We’ve been making lip balms and lotion bars for a few years. We switched from the perfect white beeswax that most people are familiar with to the golden, raw beeswax for our products. Why make such a change?
Let’s consider the bee for a moment. Female worker bees have special wax-producing glands on their abdomens. To start making beeswax, the bee will consume the honey which was produced from the collected flower nectar. To produce 1 pound of beeswax, an average of 7 – 8 pounds of honey must be consumed by the bee.
The sugar in the honey, is converted by the bee’s wax glands and secreted through tiny pores on the abdomen. When these secretion meets the air, the tiny droplets harden into what looks like transparent scales on the abdomen. Additional worker bees come along to chew and soften these secretions so that they can be used as construction material for the honeycomb.
At first, this wax was actually clear and colorless when the comb was built, but over time the color changes to yellow and even deeper shades of gold. The depth of the color is highly dependent on the amount of honey and pollen that are still present in the beeswax.
While most beeswax begins as white or clear, through its use in the hive as a storage vessel, the color darkens. To achieve what people call “pure” beeswax, many commercial enterprises will use production methods that include the use of sulphuric acid, liquid bleach, hydrogen peroxide or bleaching by ionization. Removing the color “naturally” through repetitive filtering is a very time-consuming process.

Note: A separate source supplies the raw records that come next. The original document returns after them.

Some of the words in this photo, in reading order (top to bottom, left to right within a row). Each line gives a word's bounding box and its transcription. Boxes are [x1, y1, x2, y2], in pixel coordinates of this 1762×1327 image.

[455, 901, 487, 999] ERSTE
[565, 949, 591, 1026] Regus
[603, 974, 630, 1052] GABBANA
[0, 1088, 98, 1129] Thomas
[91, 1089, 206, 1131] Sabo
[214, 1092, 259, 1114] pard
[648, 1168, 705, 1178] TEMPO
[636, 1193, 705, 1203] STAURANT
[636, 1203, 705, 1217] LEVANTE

We chose to stop using pure white beeswax when we could not verify from any supplier what method was being used to “whiten” it. No one could tell us. In addition, the realization of the value of a skin care ingredient that still contains minute amounts of both honey and propolis, cemented our decision to use raw, from the hive, beeswax in our formulations.
You will notice that our both our lotion bars and our lip balms are now significantly more yellow in appearance rather than pristine white. This is bringing you products with the additional benefits of having anti-bacterial and anti-fungal benefits. Honey has been known for centuries as a “healer” and its incorporation into the lotion bars is an authentic curative for cracking, splitting skin. But that’s not all. Raw beeswax contains both propolis and real pollen.

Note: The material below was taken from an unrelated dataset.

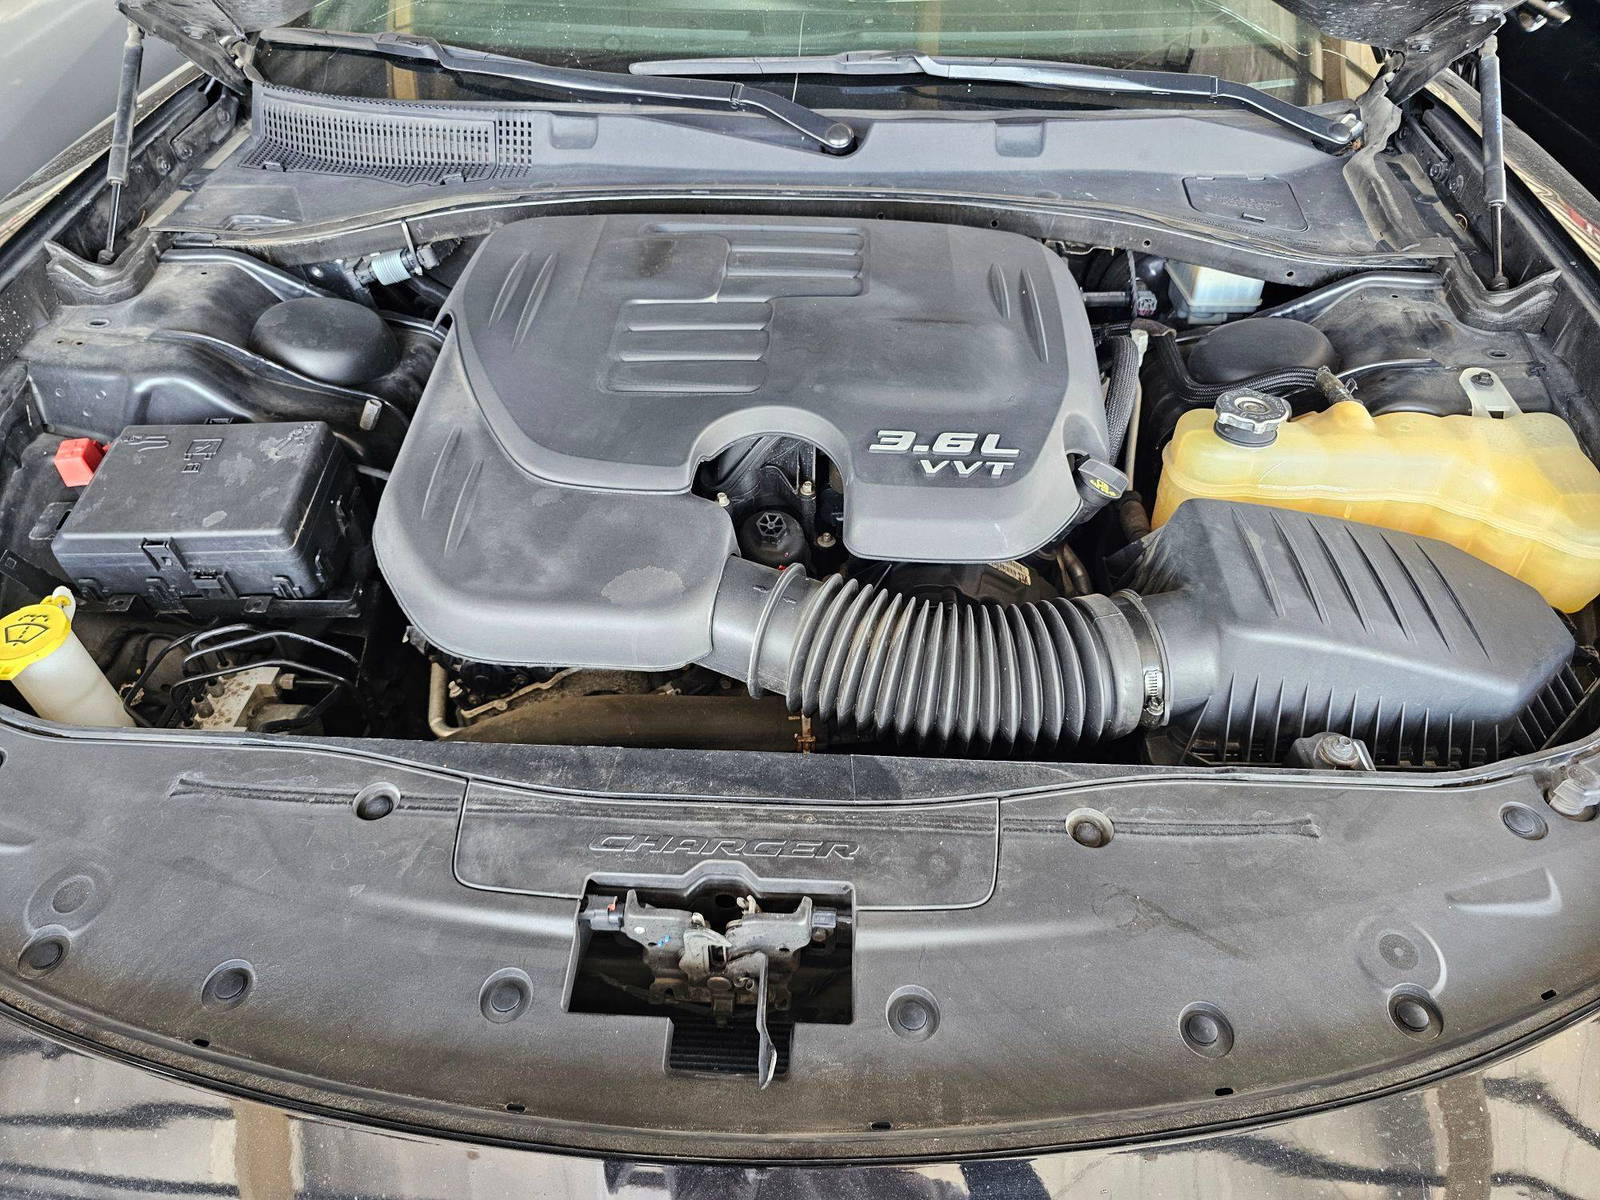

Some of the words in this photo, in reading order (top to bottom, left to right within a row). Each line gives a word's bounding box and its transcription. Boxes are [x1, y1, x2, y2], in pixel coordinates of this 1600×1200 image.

[868, 430, 1020, 457] 3.6L
[919, 459, 1016, 479] VVT
[588, 832, 861, 861] CHARGER

Propolis contains a constituent called pinocembrin. It is a flavonoid (a naturally occurring pigment or color) that works like an anti-fungal and has the additional benefits of being anti-inflammatory and anti-microbial!!
But that’s not all. Let’s look at pollen. Pollen is actually a complete protein. It is believed to benefit the immune system with its rich vitamin, mineral, amino acid and natural enzyme content.
So for skin care, it really was a no brainer to switch from the pretty, white beeswax to mother nature’s raw bounty. We were also able to obtain it within a 15 mile radius which is extremely important. Is there a downside? Well, yes…but not for you, the consumer. On our end, we do have to filter out hive debris when the wax is melted, but we consider it worth the extra time to gain the benefits of honey, pollen & propolis and bring you a highly superior product. Lip balms will have a touch of natural sweetness to boot!